When Launceston built the Duck Reach Power Station in 1895, it focused Tasmanian minds on the state's potential for water power.
It was the first publicly-owned hydro scheme in the Southern Hemisphere.
In 1897 the great engineer Alfred Mault submitted two reports to parliament, suggesting a dam at the Great Lake and dynamos on the Shannon River.
Ten years later, in Melbourne, an inventor named James Gillies patented a process to take zinc concentrate from Broken Hill, and extract the zinc by electrolysis.
For this he needed a large supply of cheap power.

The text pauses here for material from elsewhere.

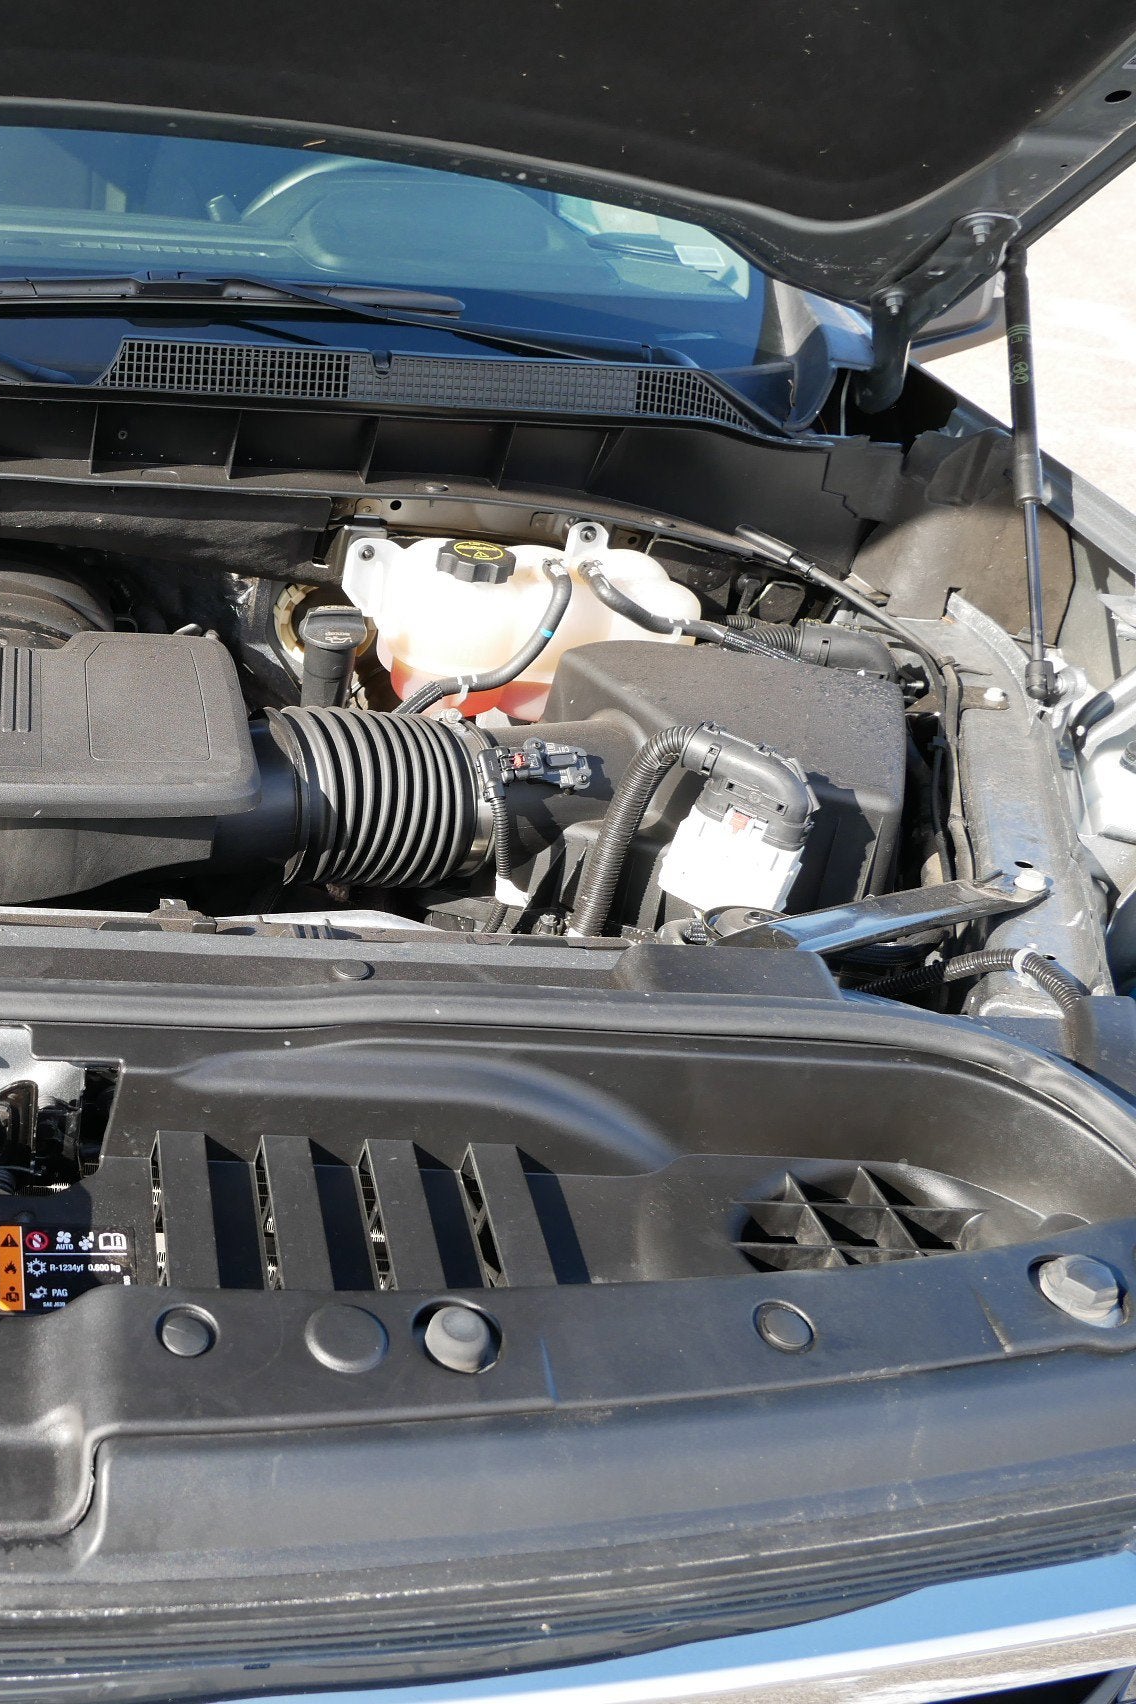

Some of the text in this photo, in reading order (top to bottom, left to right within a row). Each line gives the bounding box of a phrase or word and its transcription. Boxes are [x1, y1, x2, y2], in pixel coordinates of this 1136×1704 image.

He came to Hobart in 1907 to talk to the Government, where he met Professor Alexander McAulay and farmer Harold Bisdee, who owned neighbouring properties on the Shannon River.
They told him about Mault's scheme, which McAulay had now refined and updated.
In 1908 Gillies floated a company and formally asked the Government to build a power plant at Waddamana, to supply his firm with cheap electricity.
Though Premier Jack Evans was interested, parliament refused. When Gillies said he might do it himself, however, he was given permission to undertake surveys.
When he decided to go for it, he enlisted the then ex-Premier, Captain Jack Evans, to present an enabling bill to parliament.
It took a herculean effort from Captain Evans, who fought for many months to get it passed as neither the Labor Party, nor the Upper House, wanted to give a private firm the use of a public asset - even though they didn't want to develop it themselves.
Finally the scheme got through, and on December 17, 1910, Mrs Ida McAulay turned the first sod for Gillies' Complex Ores Co hydro-electric scheme on land owned by her and the Professor.
Beset by dreadful weather and impassable roads, in late 1912 the company asked parliament for an extension of time to complete.
Labor blocked them, but was later overruled. At the same time there were problems with unions and engineering contractors.
Sadly, the problems made fundraising impossible, and in 1914 they ran out of money.
In a shrewd move, the Labor Government of Premier Earle took over the project at cost price. A sad and disillusioned Mr Gillies later left the state.
Despite the war, the Earle government completed the project in 1916, and a big crowd massed at City Hall on May 8 for the official switching on of lights, utilising power from the new Great Lake Hydro-Electric scheme.
In 1925 the great Labor Premier Joe Lyons tried to right the wrong, and twice had a bill passed by the Assembly, granting Gillies a modest pension in recognition of his services to the state.
Unfortunately, it was twice blocked by people with long memories in the Upper House.
The pension was finally granted in 1935, when Gillies was facing bankruptcy, but he didn't enjoy it long, dying in Melbourne in 1942.